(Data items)
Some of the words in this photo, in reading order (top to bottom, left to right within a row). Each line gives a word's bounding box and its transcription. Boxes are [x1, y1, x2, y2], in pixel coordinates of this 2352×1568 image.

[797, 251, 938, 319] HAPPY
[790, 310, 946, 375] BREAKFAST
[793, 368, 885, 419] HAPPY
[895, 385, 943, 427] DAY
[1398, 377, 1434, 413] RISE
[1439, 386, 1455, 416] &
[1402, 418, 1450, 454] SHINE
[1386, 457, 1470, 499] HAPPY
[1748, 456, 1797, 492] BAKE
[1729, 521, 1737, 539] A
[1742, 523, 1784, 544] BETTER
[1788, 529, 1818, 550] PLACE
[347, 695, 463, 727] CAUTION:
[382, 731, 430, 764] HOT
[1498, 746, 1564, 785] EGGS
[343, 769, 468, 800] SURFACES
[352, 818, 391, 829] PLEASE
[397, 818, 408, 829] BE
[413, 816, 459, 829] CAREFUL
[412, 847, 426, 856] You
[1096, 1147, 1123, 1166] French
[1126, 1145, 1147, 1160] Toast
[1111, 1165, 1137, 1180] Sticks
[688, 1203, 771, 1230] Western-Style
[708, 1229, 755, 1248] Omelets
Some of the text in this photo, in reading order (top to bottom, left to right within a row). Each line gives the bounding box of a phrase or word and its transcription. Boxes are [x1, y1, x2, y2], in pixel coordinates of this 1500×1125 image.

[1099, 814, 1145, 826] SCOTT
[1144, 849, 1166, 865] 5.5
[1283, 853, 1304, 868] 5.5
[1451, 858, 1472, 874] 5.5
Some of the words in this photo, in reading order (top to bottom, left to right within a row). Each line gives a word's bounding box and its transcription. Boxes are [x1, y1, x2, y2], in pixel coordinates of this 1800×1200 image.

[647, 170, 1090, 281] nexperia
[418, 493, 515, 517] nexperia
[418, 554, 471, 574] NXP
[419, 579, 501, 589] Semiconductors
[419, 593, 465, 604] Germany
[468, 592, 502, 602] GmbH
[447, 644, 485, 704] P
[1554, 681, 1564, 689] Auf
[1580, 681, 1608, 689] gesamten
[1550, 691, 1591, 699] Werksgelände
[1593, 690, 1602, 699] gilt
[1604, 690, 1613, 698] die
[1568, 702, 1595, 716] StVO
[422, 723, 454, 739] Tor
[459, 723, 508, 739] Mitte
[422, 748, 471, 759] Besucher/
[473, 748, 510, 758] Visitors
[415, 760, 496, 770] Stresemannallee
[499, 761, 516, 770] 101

> About this task: All of the records above should be repeated exactly.

> Response to this task:
Some of the words in this photo, in reading order (top to bottom, left to right within a row). Each line gives a word's bounding box and its transcription. Boxes are [x1, y1, x2, y2], in pixel coordinates of this 2352×1568 image.

[797, 251, 938, 319] HAPPY
[790, 310, 946, 375] BREAKFAST
[793, 368, 885, 419] HAPPY
[895, 385, 943, 427] DAY
[1398, 377, 1434, 413] RISE
[1439, 386, 1455, 416] &
[1402, 418, 1450, 454] SHINE
[1386, 457, 1470, 499] HAPPY
[1748, 456, 1797, 492] BAKE
[1729, 521, 1737, 539] A
[1742, 523, 1784, 544] BETTER
[1788, 529, 1818, 550] PLACE
[347, 695, 463, 727] CAUTION:
[382, 731, 430, 764] HOT
[1498, 746, 1564, 785] EGGS
[343, 769, 468, 800] SURFACES
[352, 818, 391, 829] PLEASE
[397, 818, 408, 829] BE
[413, 816, 459, 829] CAREFUL
[412, 847, 426, 856] You
[1096, 1147, 1123, 1166] French
[1126, 1145, 1147, 1160] Toast
[1111, 1165, 1137, 1180] Sticks
[688, 1203, 771, 1230] Western-Style
[708, 1229, 755, 1248] Omelets
Some of the text in this photo, in reading order (top to bottom, left to right within a row). Each line gives the bounding box of a phrase or word and its transcription. Boxes are [x1, y1, x2, y2], in pixel coordinates of this 1500×1125 image.

[1099, 814, 1145, 826] SCOTT
[1144, 849, 1166, 865] 5.5
[1283, 853, 1304, 868] 5.5
[1451, 858, 1472, 874] 5.5
Some of the words in this photo, in reading order (top to bottom, left to right within a row). Each line gives a word's bounding box and its transcription. Boxes are [x1, y1, x2, y2], in pixel coordinates of this 1800×1200 image.

[647, 170, 1090, 281] nexperia
[418, 493, 515, 517] nexperia
[418, 554, 471, 574] NXP
[419, 579, 501, 589] Semiconductors
[419, 593, 465, 604] Germany
[468, 592, 502, 602] GmbH
[447, 644, 485, 704] P
[1554, 681, 1564, 689] Auf
[1580, 681, 1608, 689] gesamten
[1550, 691, 1591, 699] Werksgelände
[1593, 690, 1602, 699] gilt
[1604, 690, 1613, 698] die
[1568, 702, 1595, 716] StVO
[422, 723, 454, 739] Tor
[459, 723, 508, 739] Mitte
[422, 748, 471, 759] Besucher/
[473, 748, 510, 758] Visitors
[415, 760, 496, 770] Stresemannallee
[499, 761, 516, 770] 101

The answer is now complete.